La cabeza se le llena y se zarandea. Desborda de fotos instantáneas, videos caseros, olores que se mezclan y confunden perdiendo sus fronteras y mientras deja que el tiempo rebobine y haga elipsis, mientras todo eso pasa, una pregunta empieza a crecer y la invade y la acorrala hasta que tiene que ponerla en palabras. ¿Cuál es el lugar para mirar pasar la vida, aquí, en Rosario?

¿Por qué no puedo contestar? – se pregunta, si adora esta ciudad y no habrá otra igual, no habrá ninguna, aunque las haya más hermosas, más mágicas, más modernas, más añorables, más únicas.

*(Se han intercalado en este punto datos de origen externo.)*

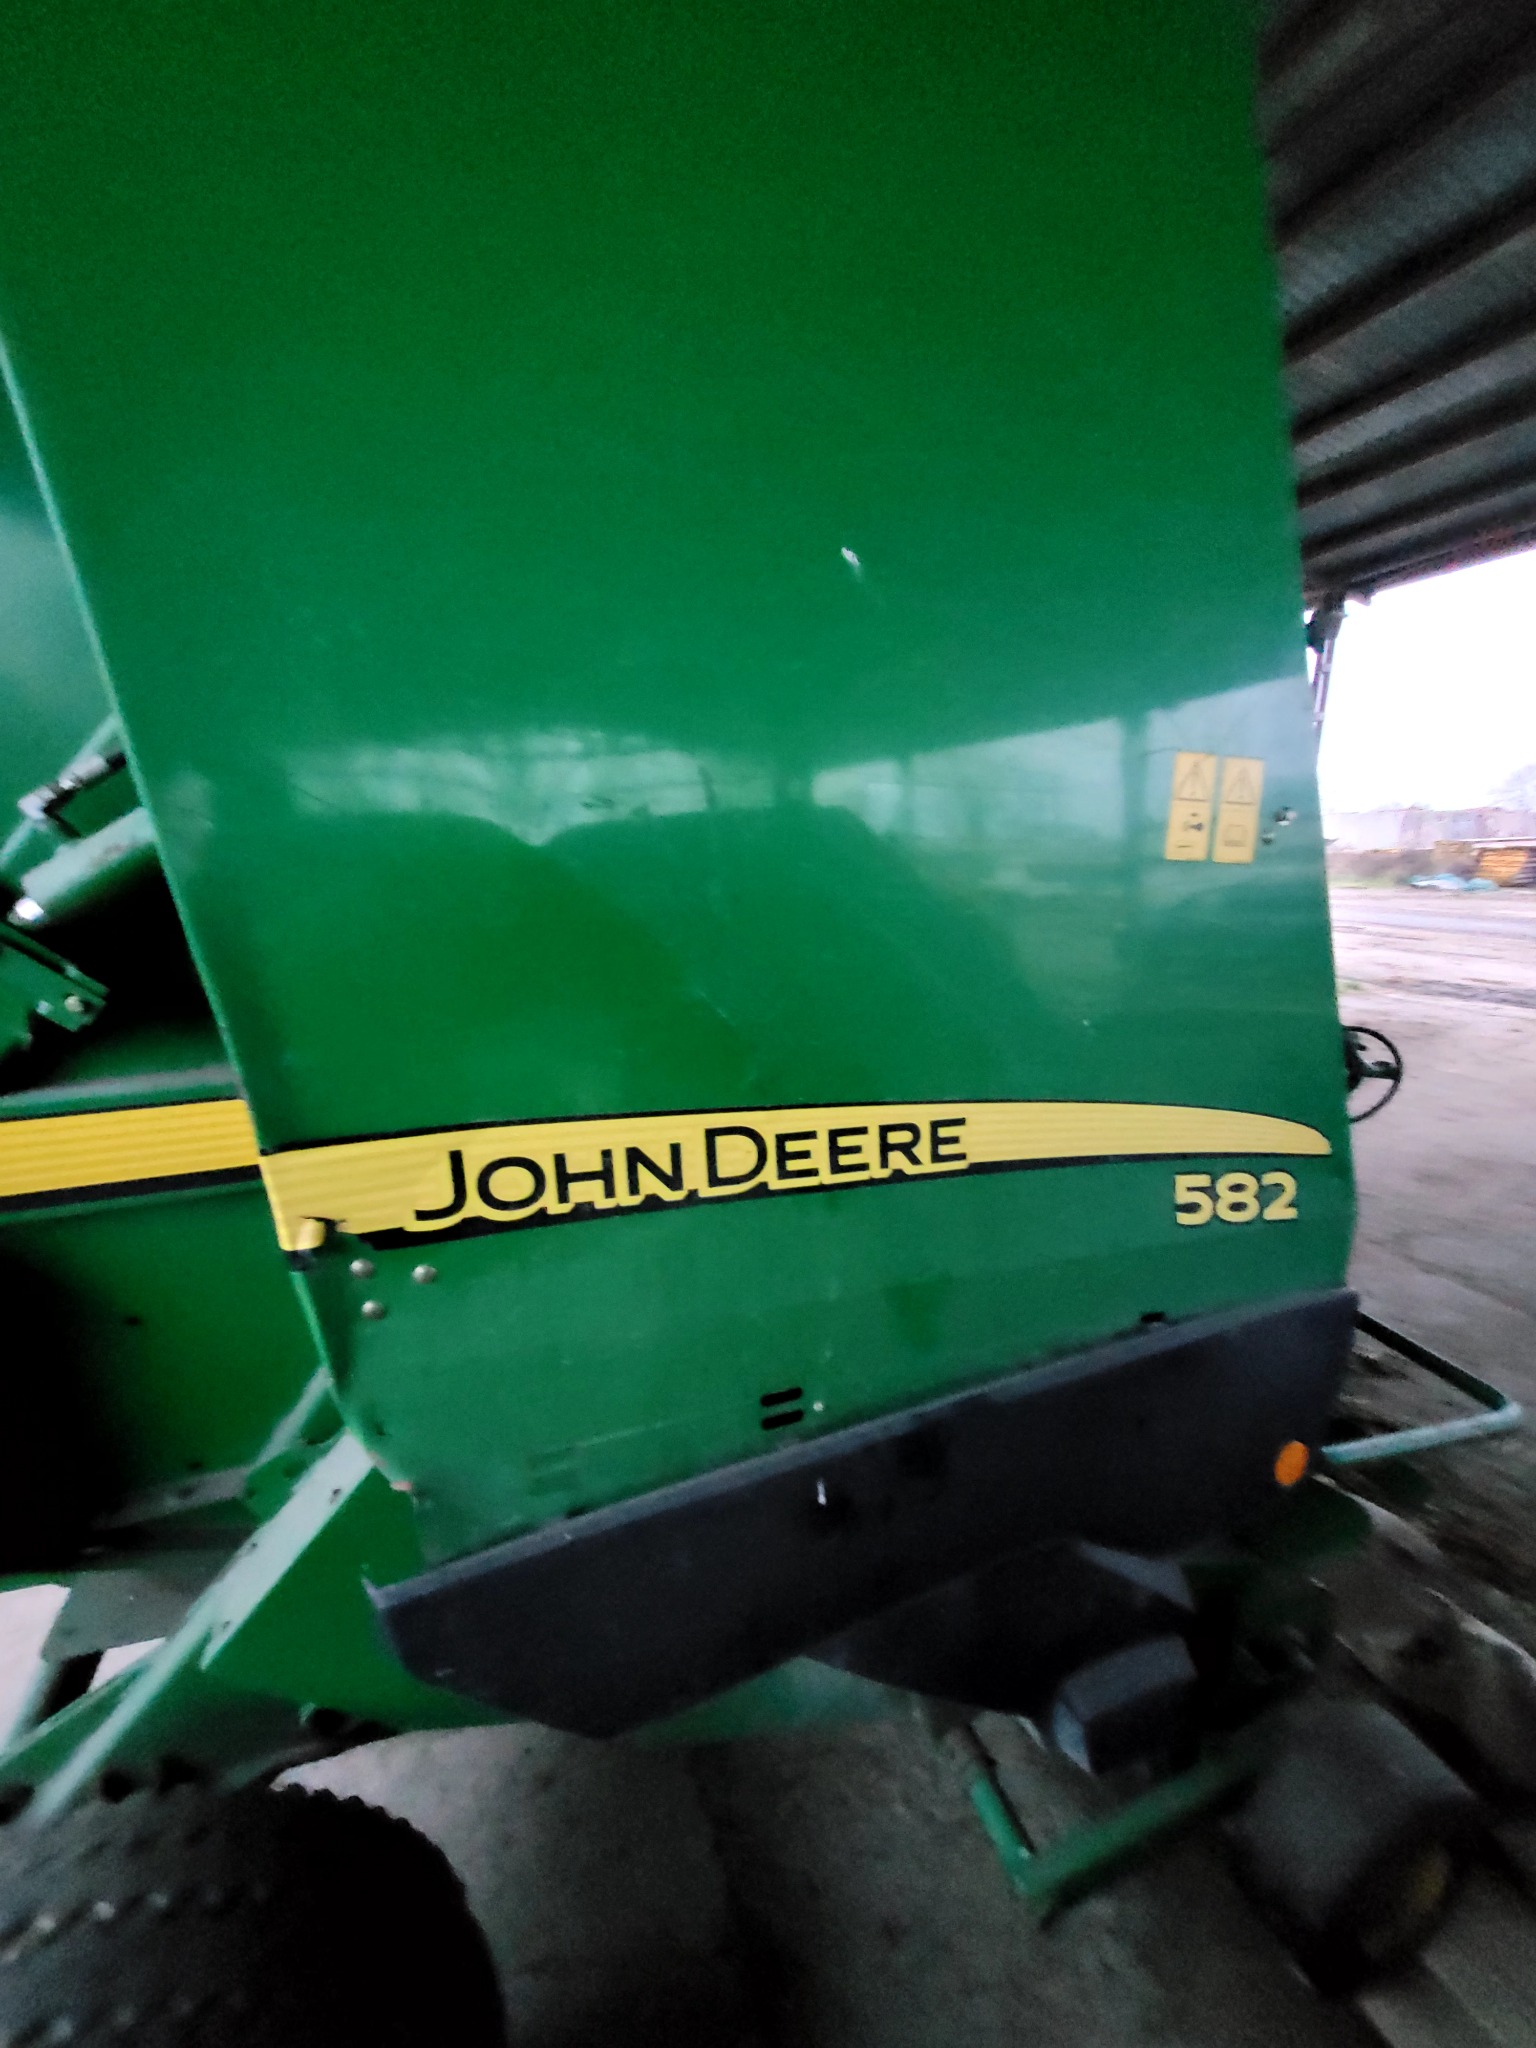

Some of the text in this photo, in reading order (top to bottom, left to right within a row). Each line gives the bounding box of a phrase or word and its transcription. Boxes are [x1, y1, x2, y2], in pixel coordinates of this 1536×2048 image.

Si no quiere cambiarla por ninguna aunque algunos días le de miedo y espanto y la maldiga.

¿Por qué no en Rosario? ¿Por qué no encontrar un lugar para detenerse a mirar, por qué siempre estar haciendo, siendo, presintiendo? ¿Por qué no deshacerse en el bar del laguito o en la plaza Las Heras o en la arena oscura de la Florida? ¿Por qué no intentar quedarse afuera en un banco del parque España o mirando el Saladillo desde el puente del Swift, bajo las lunas redondas, gordas y amarillas que asoman algunas noches sobre el río?

No sabe.

Es del sur. Siempre fue del sur. De donde la ciudad se termina, donde conviven la pobreza de las villas, las casas bajas con jardincito, las mansiones de una época que nunca conoció.

Cuando era una niña, Rosario era inmensa. Tomaba el 51 con su mamá para ir al centro, pero nunca podía hacerlo de un tirón. Resistía hasta Ayolas, ahí se bajaban y esperaban el colectivo siguiente, quince, veinte minutos para recuperarse del mareo. Una tarde el padrino le dio una bolsita con aceitunas. -Una tras otra - le dijo - Masticándolas despacito, vas a poder llegar al centro en un solo viaje. Desde ese día Rosario fue para ella un poco más pequeña. O por lo menos más cercana.

Durante la secundaria conquistó avenida Pellegrini. La bajada hacia el río, los bares, el parque Independencia. Tomar un café con las amigas como si fueran grandes, comer pizza flaquita en Vía Appia, los helados de La Montevideana. Desde el Poli hasta Oroño, ida y vuelta, con todo el tiempo para caminar despacio, tarareando, como si la vida fuera interminable.

Después fueron los bares del centro, y Córdoba y Mitre como su segunda casa con balcones y terrazas misteriosas, y después fueron otras plazas, otros barrios, otros bares…

A pesar de todas las veredas y de todos los cielos, la pregunta sigue sonando en su cabeza. ¿Cuál es el lugar para mirar pasar la vida, aquí, en Rosario?

No sabe. No encuentra ninguna respuesta luminosa. No sabe.

Le gustaría sentarse en un rincón y dejarse llevar por la mirada, flotar, volverse incandescente, invisible, descifrar a las personas, a los perros, a las hormigas, metiéndose en su ritmo, mimetizándose. Inventarles pasados y futuros, mirarlos hasta que se destiñan, hasta que se vuelvan una confusión de colores y formas, derrotado Van Gogh rosarino, indagando la respiración de la ciudad, atisbando en los límites y los intersticios ignorados.

Será que no puede ponerse afuera. Ni siquiera ahora, en el ocaso de esta cuarentena donde el afuera es la marca del deseo y el adentro la representación de la calamidad.

Será que no hay distancia posible, ni extranjería.

Será que es parte, siempre.

Inevitablemente. Contradictoriamente. Amorosamente.